By Athlete's Care on July 18, 2012
Article By: Sergio Muredda, Registered Massage Therapist at Athlete's Care Yorkville
With the great weather Toronto has to offer in the summer we all want to be outside soaking up the rays before it’s gone. After a sedentary winter we suddenly shock our bodies with increased activity that we aren’t physically prepared for. We bring the same intensity of running on a treadmill and taking spinning classes throughout the winter to running and riding our bikes outdoors, even though it’s totally different from what our muscles are used to doing. We tend to forget that as we increase the demands we make on our bodies we also have to increase the amount of time we spend healing, resting and rehabilitating the body. Massage therapy is an excellent way to rest, recharge and repair our muscles so they’re ready to train again.
How does massage work?
Over the years there have been many studies on the benefits of massage. In my opinion, the best description for massage would be to call it “manual yoga”. Many massage modalities focus on pinning and then manually moving the muscles with our fingers, thumbs or elbows, thus making massage the equivalent to having someone stretch your muscles for you! Recent studies conducted on massage show that massage promotes chemical responses in the muscle cells that decrease inflammation and promote muscle tissue repair.
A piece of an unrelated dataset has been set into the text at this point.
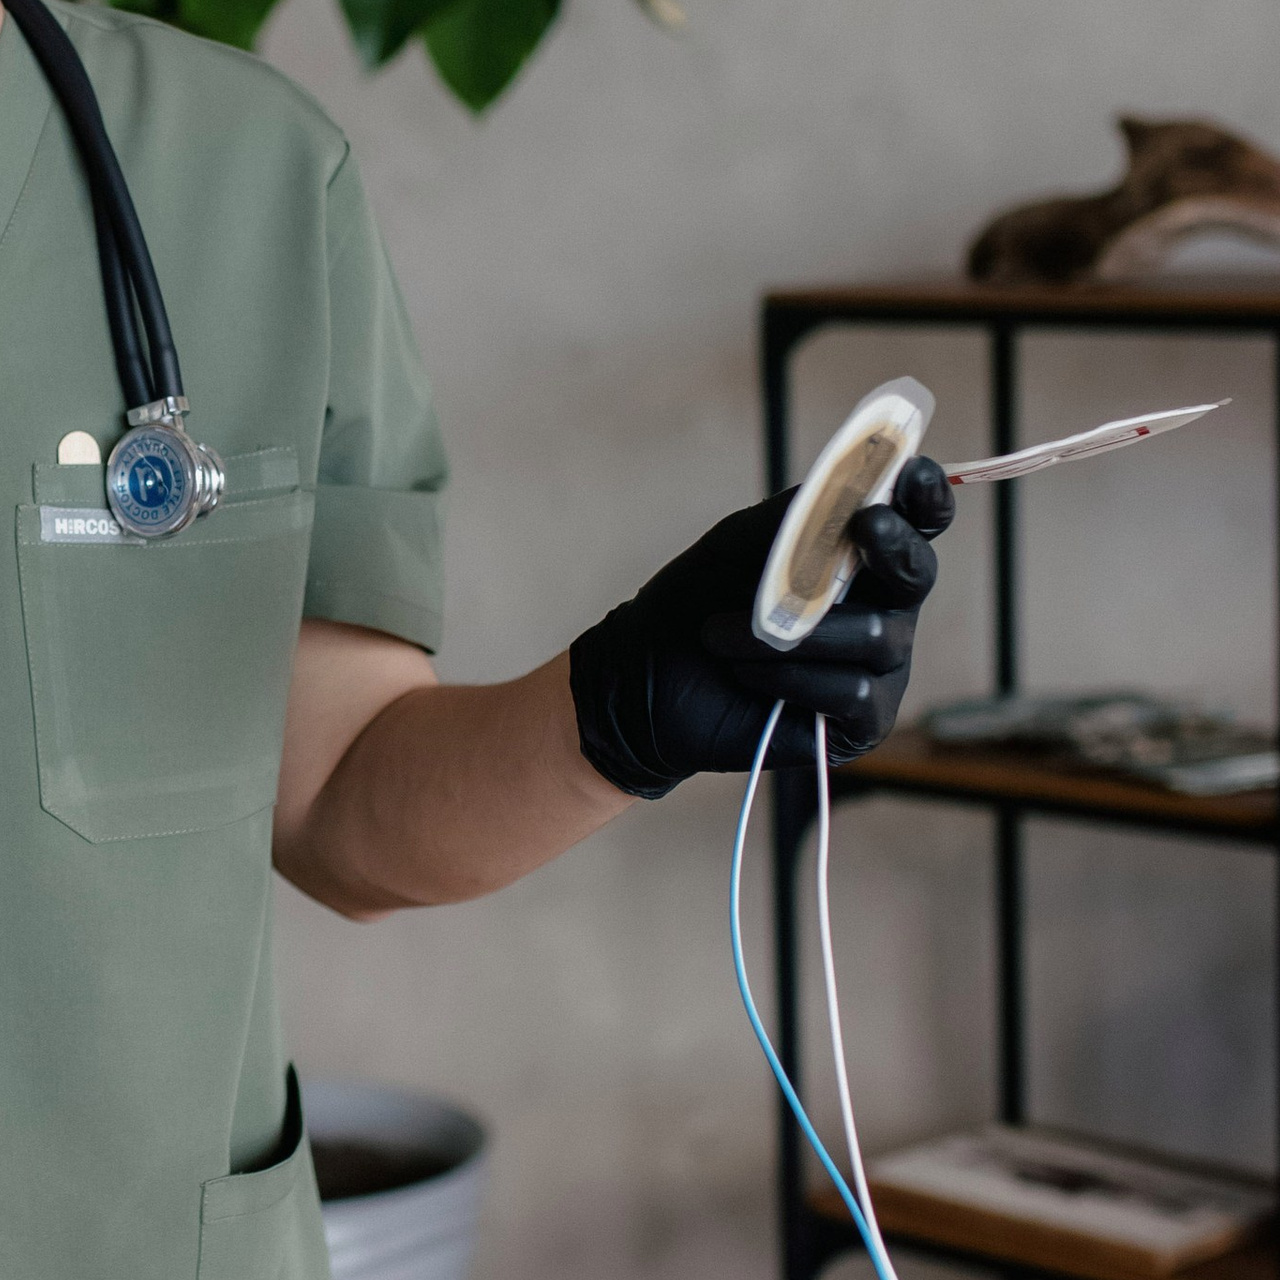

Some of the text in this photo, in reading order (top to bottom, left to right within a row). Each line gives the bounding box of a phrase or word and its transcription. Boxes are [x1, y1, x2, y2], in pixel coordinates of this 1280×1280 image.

[122, 442, 168, 466] QUALITY
[117, 471, 183, 520] LITTLE DOCTOR
Who can benefit from massage?
Most people think massage is a luxury only affordable for professional athletes and the rich. Not true! Massage is beneficial and essential for everyone! The human body is the machine that gets us from point A to point B. Whether you’re a pro athlete or a weekend warrior, you have to make sure to service the machine just as you would bring your car to the mechanic for a tune-up and an oil change. Maintenance is crucial for overall health and to ensure all your muscles and joints are functioning to the best of their ability.
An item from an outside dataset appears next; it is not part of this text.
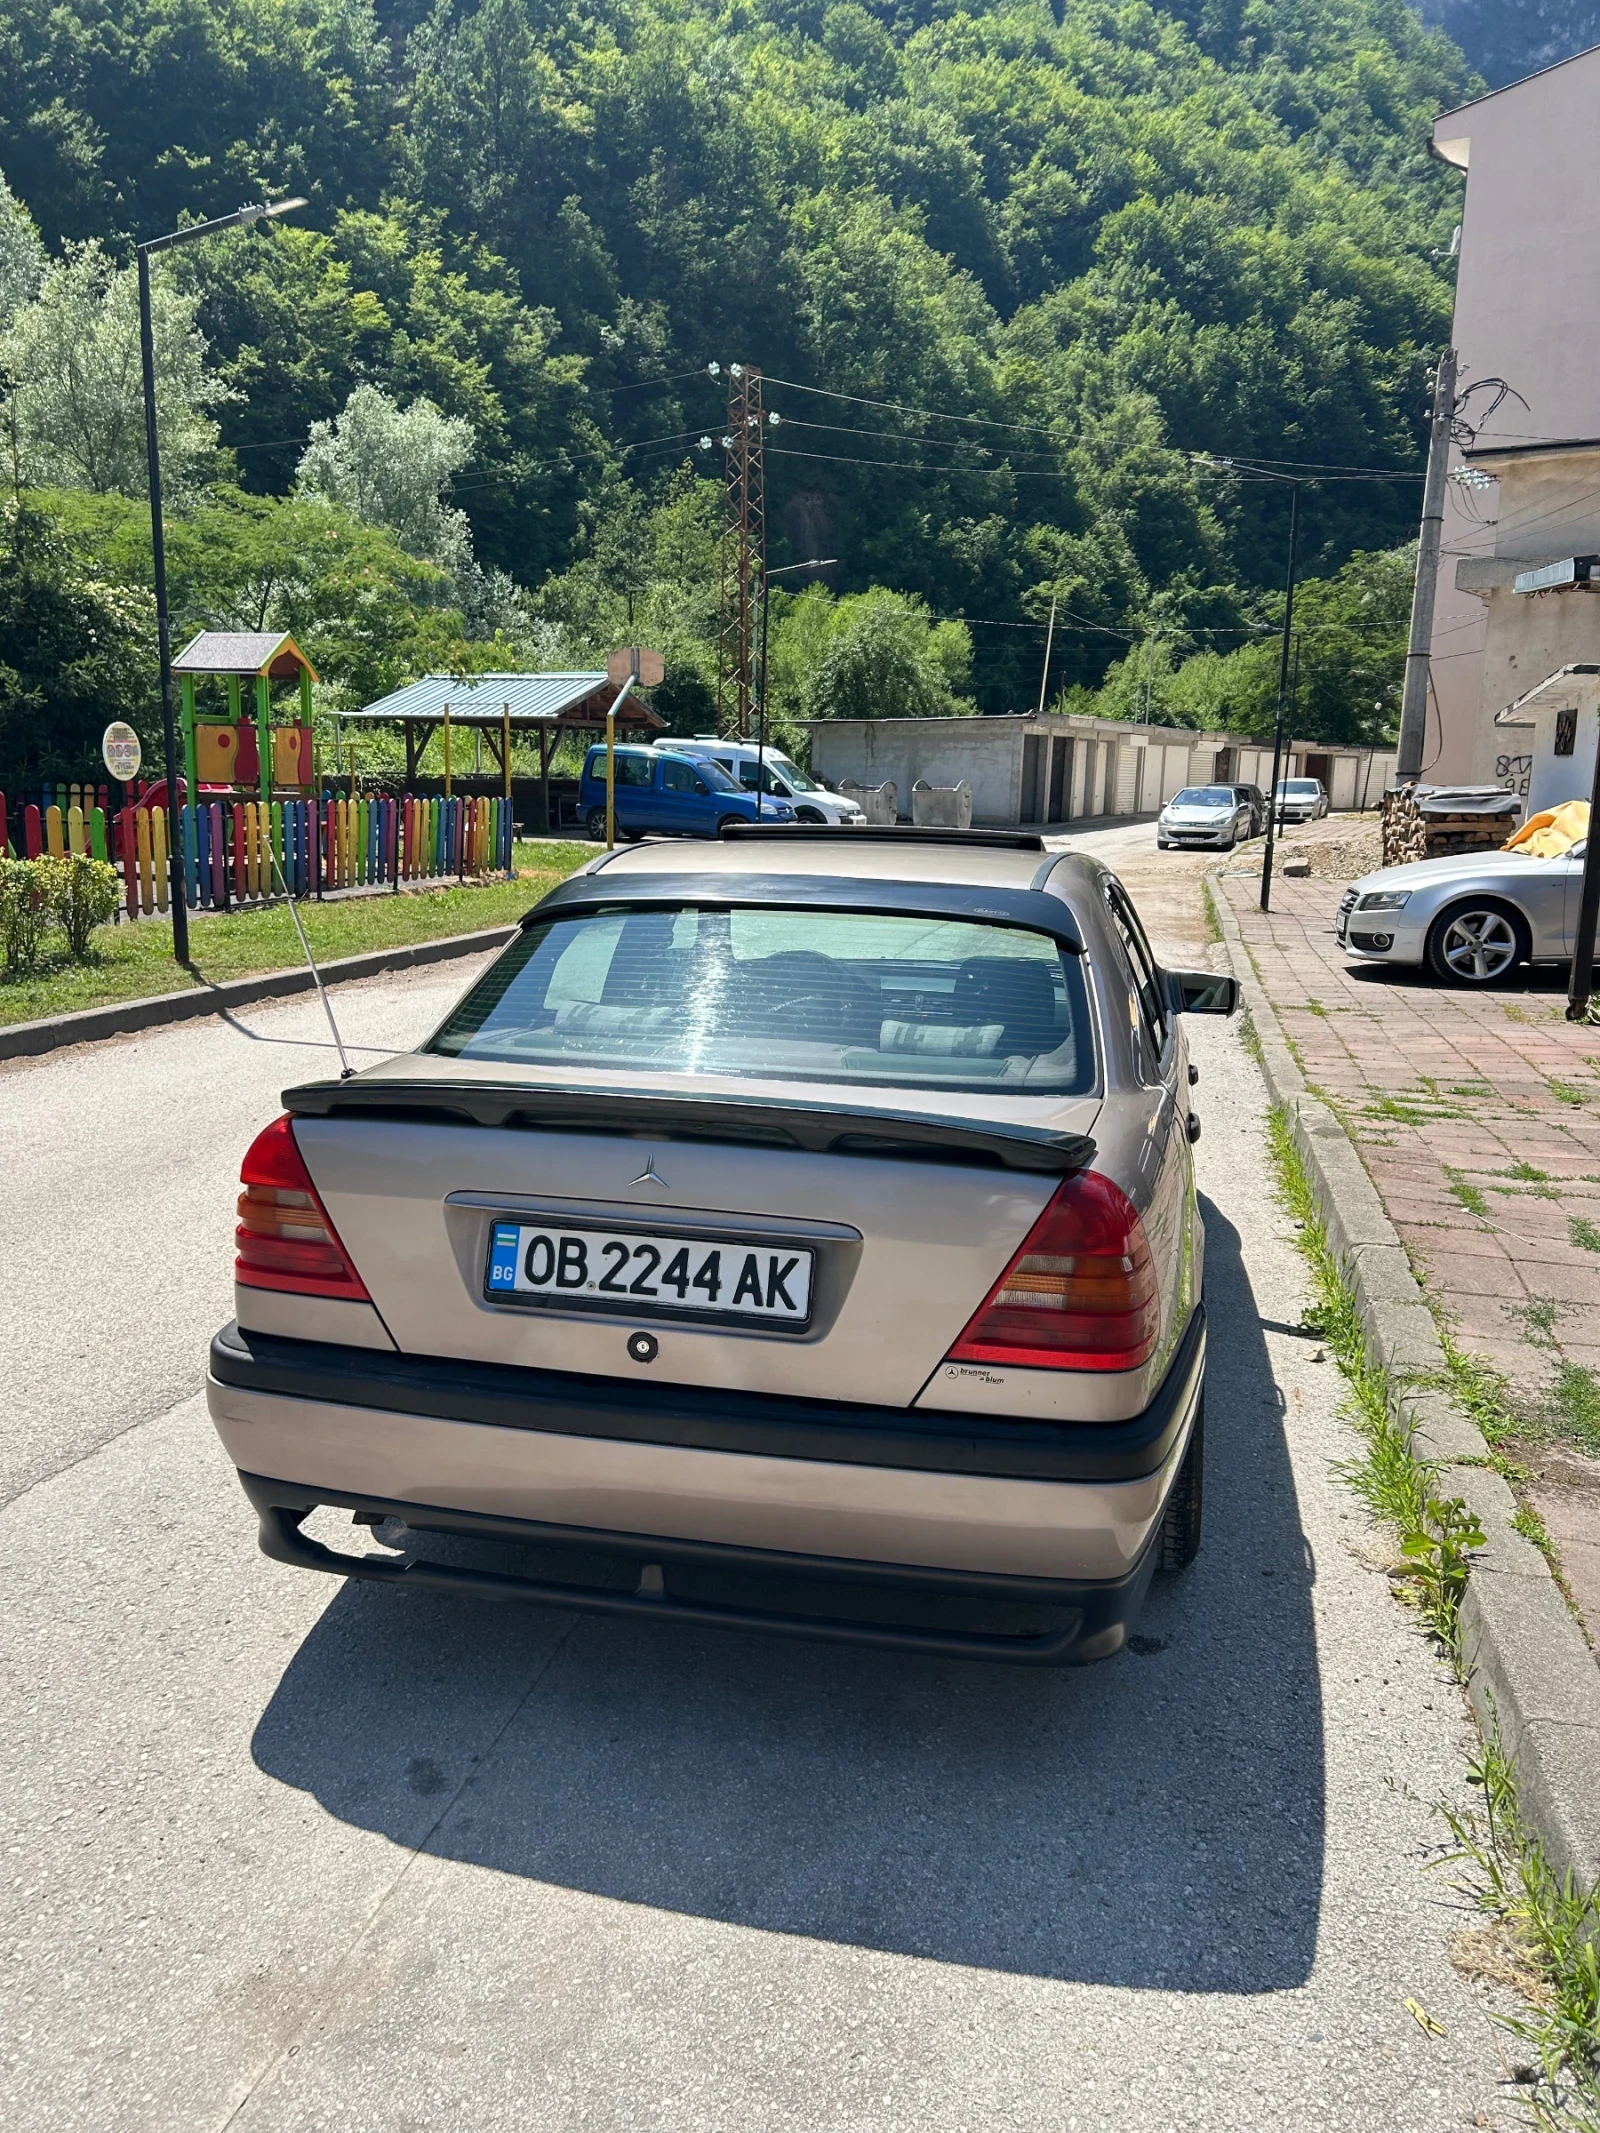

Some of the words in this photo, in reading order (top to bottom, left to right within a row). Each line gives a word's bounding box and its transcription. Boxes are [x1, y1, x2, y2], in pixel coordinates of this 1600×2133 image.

There are countless musculoskeletal syndromes and conditions that affect the average person in the workplace. You don’t have to be a construction worker, shoveling and lifting heavy objects with your back all day, to be suffering from workplace pain. A great deal of the workplace conditions come from office positions like sitting in front of a computer at a desk. Conditions like tendonitis, carpal tunnel syndrome, thoracic outlet syndrome and sciatica, to name a few, can come about from being seated at a desk and can be effectively treated with massage therapy.
Massage therapy treatments can be specific and focused, unlike your typical full-body relaxation massage offered at local spas. An affordable and concentrated 30-minute appointment can be an incredibly successful way to treat most musculoskeletal conditions. Make sure to keep your motor running smoothly this summer!